Let \(y=(y_{1},\ldots, y_{n})\) a sample of i.i.d. values from a Weibull distribution, \(Y \sim \mbox{We}(\gamma, \beta)\), with parameter \(\theta=(\gamma, \beta)\) and density function:
\[ f (y; \gamma, \beta)= \frac{\gamma}{\beta}\left(\frac{y}{\beta}\right)^{\gamma-1}e^{-(y/\beta)^{\gamma}} , \ \ \ y \geq 0, \ \ \ \gamma, \beta >0,\] where \(\gamma\) is the shape parameter and \(\beta\) is the scale parameter.

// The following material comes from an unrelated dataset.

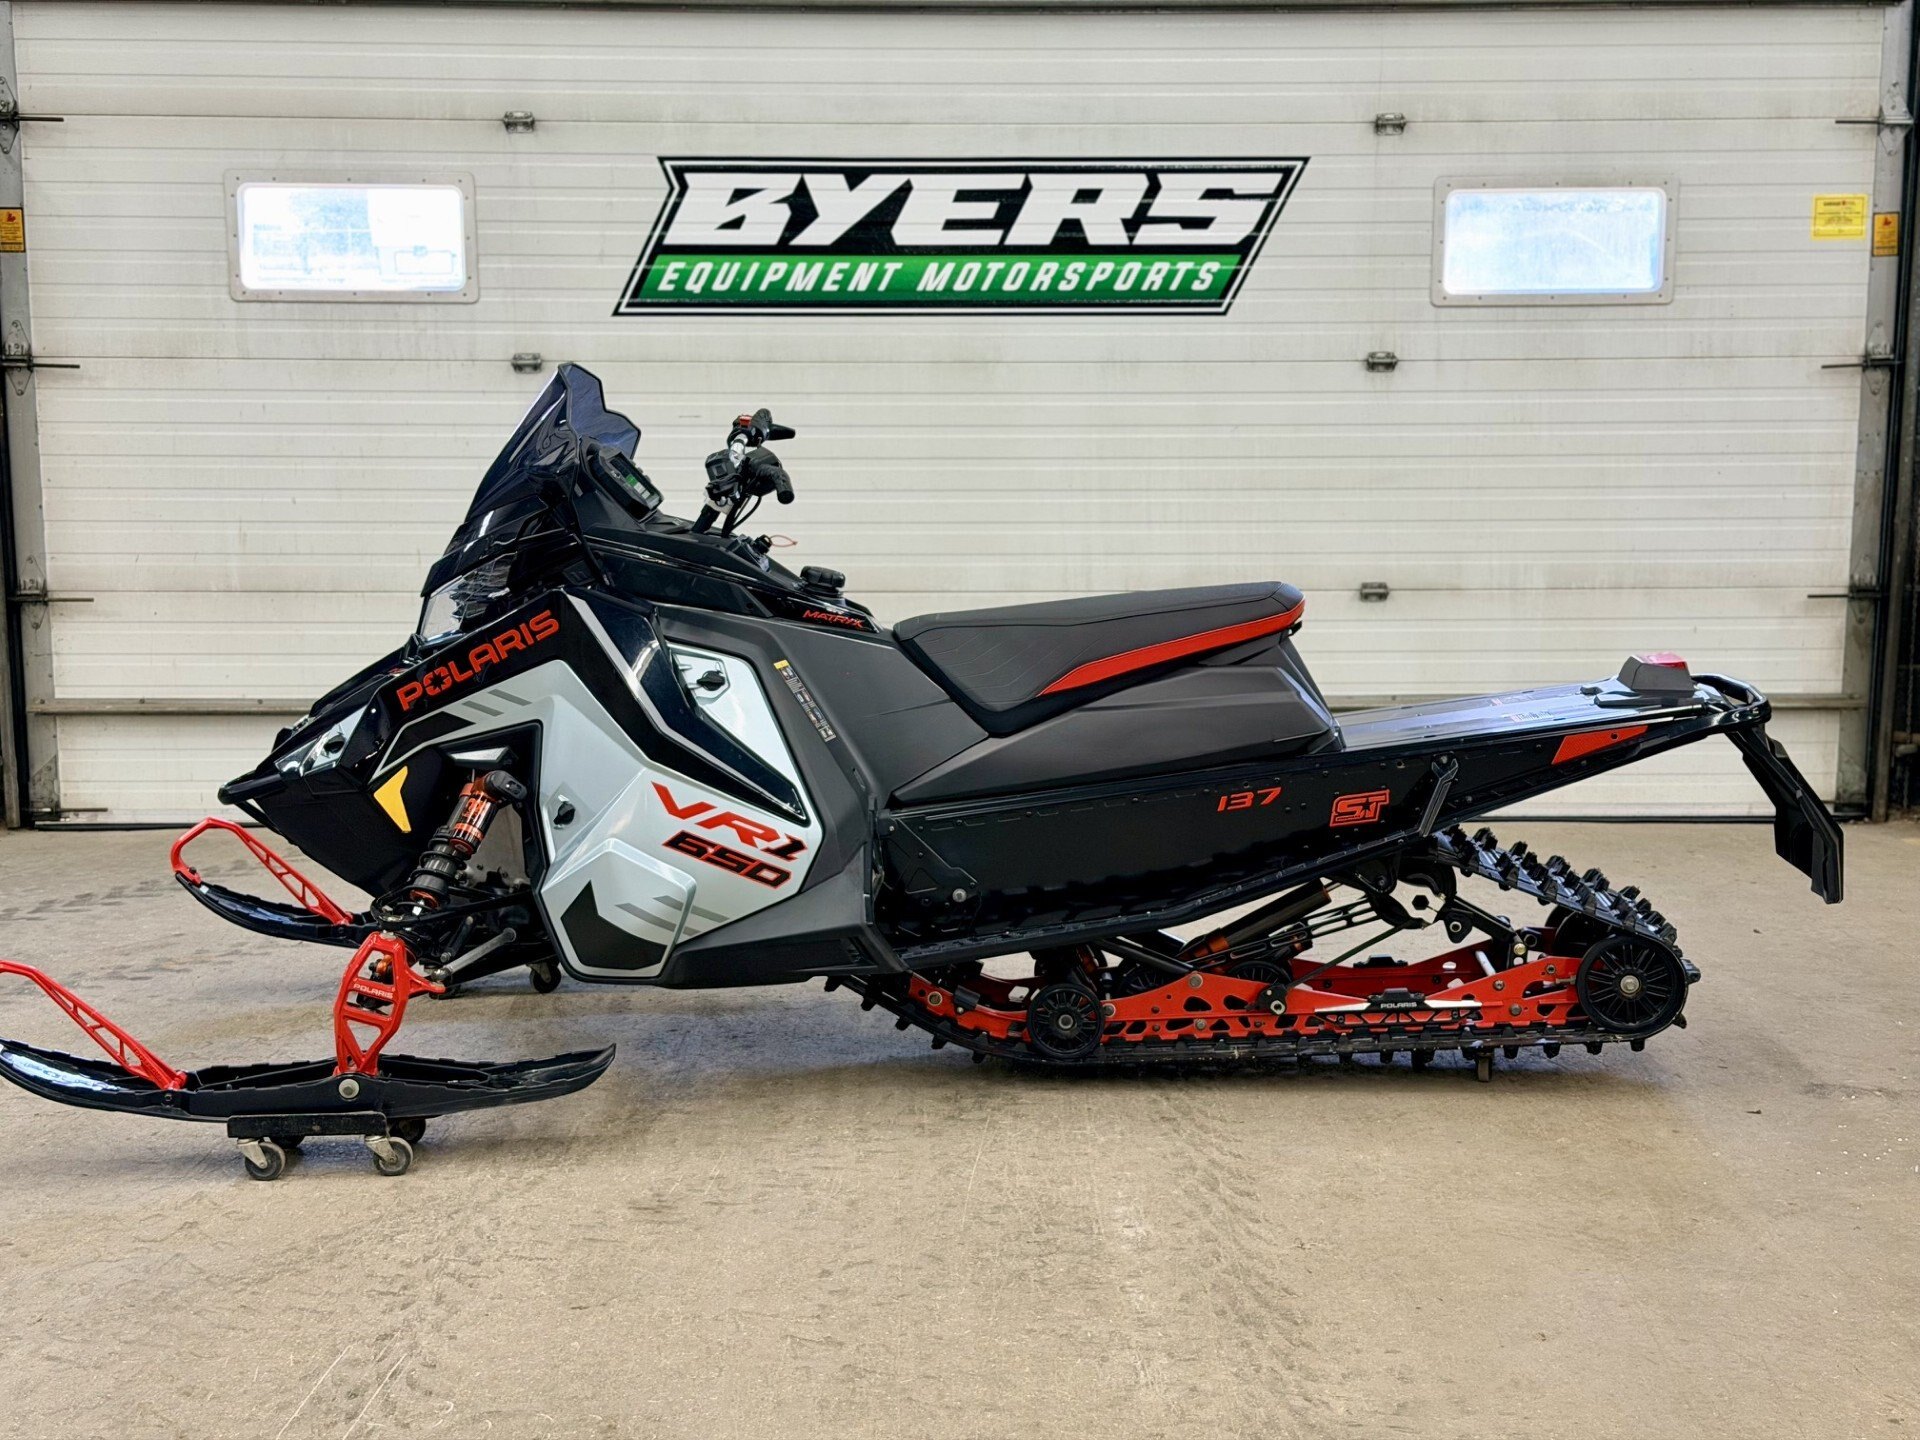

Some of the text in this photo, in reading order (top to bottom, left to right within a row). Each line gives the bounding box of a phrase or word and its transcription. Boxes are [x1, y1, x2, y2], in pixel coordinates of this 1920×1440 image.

#Plot of the probability density functions of the Weibull distribution, by varying lambda and beta
#shape = 0.5; scale = 1
curve(dweibull(x, shape=0.5, scale = 1), from = 0, to = 3,
ylab=expression("f(y;" ~ gamma ~"," ~ beta ~")"), xlab="y")
#shape = 1; scale = 1
curve(dweibull(x, shape=1, scale = 1), add=TRUE, col = "red")
#shape = 1; scale = 2
curve(dweibull(x, shape=1, scale = 2), add=TRUE, col = "blue")
#shape = 1.5; scale = 1
curve(dweibull(x, shape=1.5, scale = 1), add=TRUE, col = "green")
#shape = 5; scale = 1
curve(dweibull(x, shape=5, scale = 1), add=TRUE, col = "purple")
# add a legend to plot
legend("topright", legend=c(expression(gamma == 0.5 * ";" ~ beta == 1),
expression(gamma == 1 * ";" ~ beta == 1),
expression(gamma == 1 * ";" ~ beta == 2),
expression(gamma == 1.5 * ";" ~ beta == 1),
expression(gamma == 5 * ";" ~ beta == 1)),
col = c("black", "red", "blue", "green", "purple"), lty = rep(1,5),
cex = 0.8, box.lty = 0)
Then, the likelihood is defined as:
\[L( \gamma, \beta ;y )=\prod_{i=1}^{n}L_{i}=\prod_{i=1}^{n}f(y_i;\gamma, \beta),\] and the log-likelihood, up to an additive constant, is defined as:
\[\begin{align*} l(\gamma, \beta; y)= \log\left( \prod_{i=1}^{n}L_{i}\right)= & \sum_{i=1}^{n} \log f(y_i;\gamma, \beta) \\ = & n\log(\gamma)-n \gamma \log(\beta)+ \gamma\sum_{i=1}^{n}\log(y_{i})-\sum_{i=1}^{n}(y_{i}/\beta)^{\gamma}. \end{align*}\]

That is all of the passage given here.